Bob’s wife arrives at the hospital unaware of this terrible terminal event. She is informed only that her husband has had a complication, and hospital staff take her to a room to wait. No one has told her that he is dead, a final responsibility left for me. The chief resident, David Cooper, who accompanies me on the short walk to the conference room, offers some quick advice on how to speak to the family and tells me to get permission for an autopsy. Postmortem examinations have been performed for millennia, and even today, when a patient dies unexpectedly, sometimes only an autopsy can determine the cause of death.
We introduce ourselves when we enter the room and sit down to talk. It is obvious that she is dreading what we are about to say, probably because of the way she was sequestered after she arrived at the hospital. Maybe she knows in the way that husbands and wives and mothers and fathers just seem to know when something bad has happened. I tell Bob’s wife that he collapsed while walking on the treadmill and, despite the efforts of many people, we were unable to resuscitate him. I don’t use euphemisms like passed or gone and instead say simply that I am so sorry to have to tell her that her husband has died. It’s an awful moment. I search without success for words of comfort. She asks us if he suffered at the end, and I tell her that I’m sure he did not.
Nurses clean Bob and dress him in a hospital gown before bringing him to a room where his wife spends some time with him before he is taken to the morgue. Cooper and I wait outside the door. When Bob’s wife finally comes out, I tell her that although we know he had a heart attack earlier in the week, we don’t know why he died today. I explain that an autopsy will answer some of these questions, and after some thought she gives her consent.

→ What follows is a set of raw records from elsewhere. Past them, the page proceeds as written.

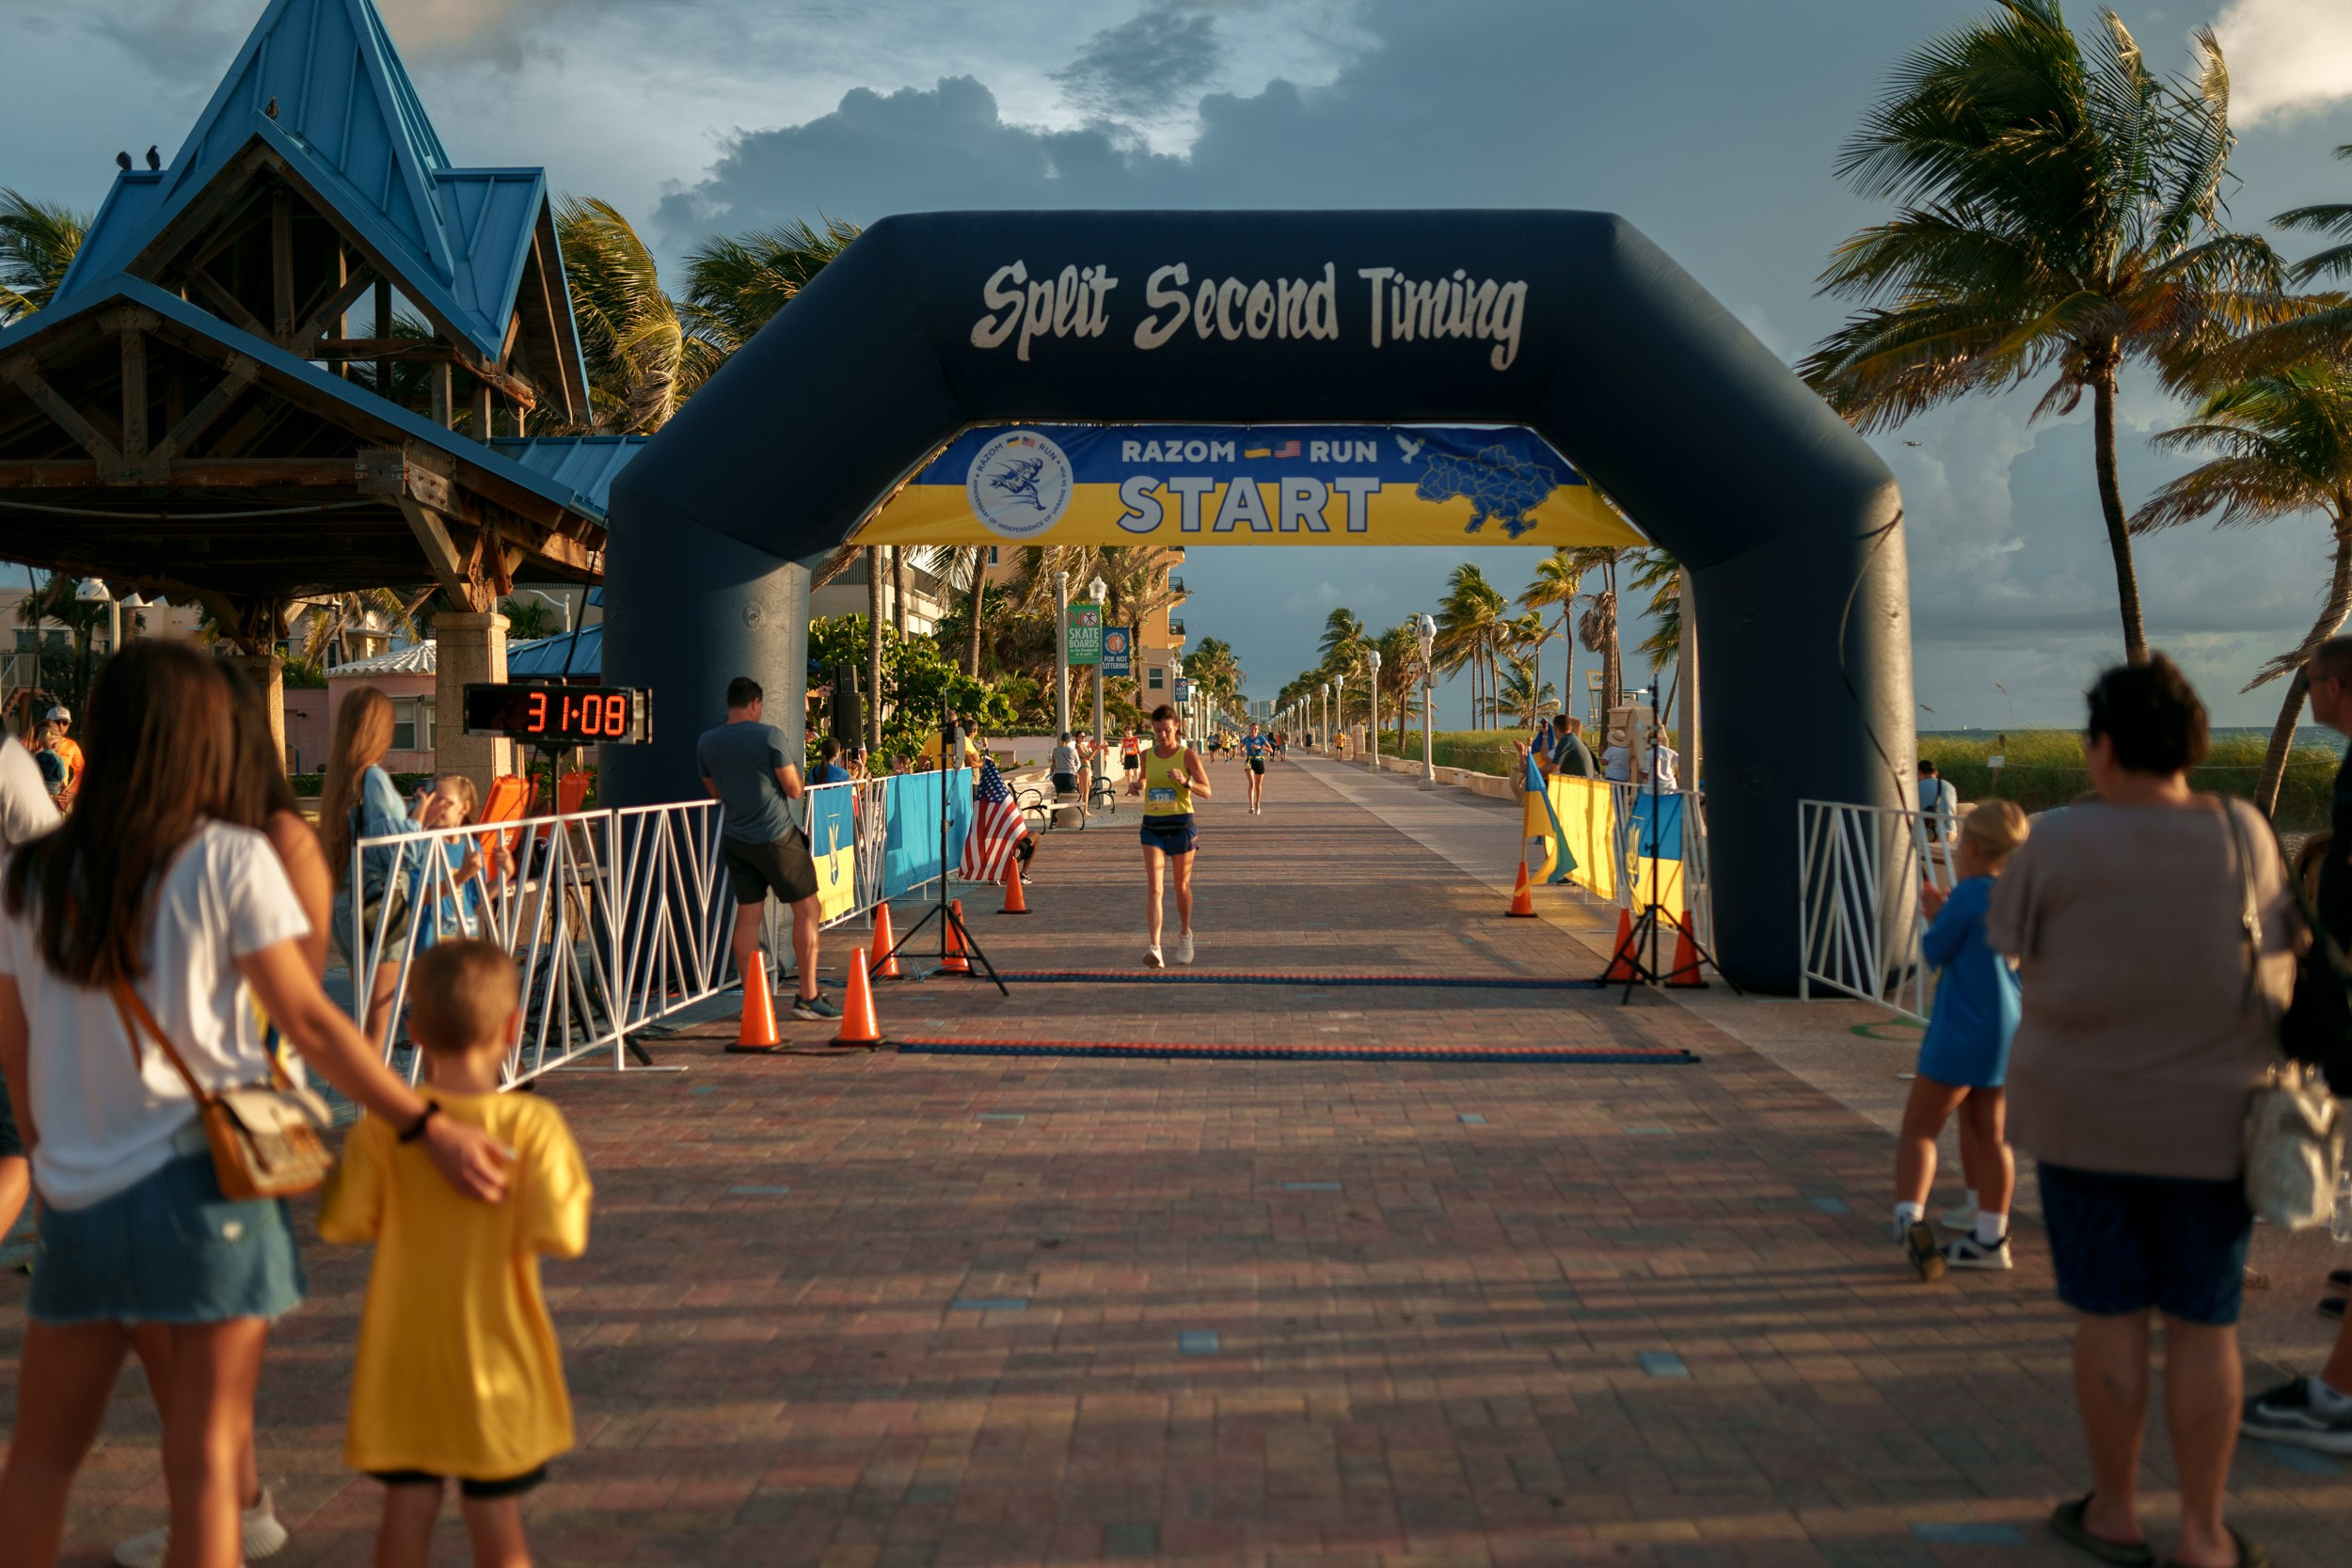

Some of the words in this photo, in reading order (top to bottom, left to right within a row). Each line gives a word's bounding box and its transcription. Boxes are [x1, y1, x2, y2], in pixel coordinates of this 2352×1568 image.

[971, 259, 1119, 361] Split
[1134, 261, 1339, 350] Second
[1358, 267, 1529, 371] Timing
[977, 442, 1004, 472] RAZOM
[1039, 443, 1057, 461] RUN
[1121, 440, 1235, 462] RAZOM
[1310, 440, 1377, 462] RUN
[973, 478, 991, 517] ANNIVERSARY
[989, 516, 997, 525] OF
[998, 521, 1044, 532] INDEPENDENCE
[1043, 514, 1052, 523] OF
[1052, 489, 1066, 515] UKRAINE
[1116, 474, 1382, 533] START
[1069, 610, 1099, 627] NO
[1069, 627, 1099, 640] SKATE
[1069, 639, 1099, 648] BOARDS
[1155, 793, 1170, 804] 178

Bob’s autopsy removes all doubt as to why he died: a week out from his heart attack, his weakened myocardium ruptured, filling the pericardial space with blood, essentially strangling his heart. Although heart disease has been with humans for millennia and traces can be found in the remains of four-thousand-year-old Egyptian mum
mies, detailed knowledge of this affliction is relatively new.
• • •
In 1500, Leonardo da Vinci returned to Florence where he served as an engineer for Cesare Borgia, painted the Mona Lisa, and rekindled his prodigious interest in anatomy. In the winter of 1507, Leonardo visited a one-hundred-year-old man in Florence’s Hospital of Santa Maria Nuova a few hours before the man’s death. After performing an autopsy on the centenarian da Vinci wrote:
And I made an anatomy in order to see the cause of a death so sweet, which I found to proceed from debility through lack of blood and deficiency of the artery which nourishes the heart and the other lower members. I found this artery very dessicated, shrunken and withered. . . . The tunics of the vessels behave in man as in oranges, in which the peel thickens and the pulp diminishes the older they become.
Da Vinci is undoubtedly describing atherosclerosis.

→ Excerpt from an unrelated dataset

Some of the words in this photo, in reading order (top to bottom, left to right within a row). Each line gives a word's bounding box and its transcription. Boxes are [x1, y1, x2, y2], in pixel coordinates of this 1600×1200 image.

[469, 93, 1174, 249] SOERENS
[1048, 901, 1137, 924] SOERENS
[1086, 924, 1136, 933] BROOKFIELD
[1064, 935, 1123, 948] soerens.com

The term atherosclerosis is derived from the Greek words athere (gruel) and skleros (hard). Examine an artery afflicted with this disease, and you appreciate the aptness of its name. While a normal artery has an elastic quality, an atherosclerotic vessel is often stiff (“hardening of the arteries’), a consequence of cholesterol, calcium, and various cellular elements that have been deposited in the blood vessel wall. Over many years, the accumulating material can impede blood flow and become prone to blockage by blood clots. Until fairly recently, the disorder was thought to result mainly from the accumulation of lipids (fats). It is now known that the disease, which develops over decades, is caused by a complex interaction among lipids, inflammatory cells, and components of the immune and clotting systems.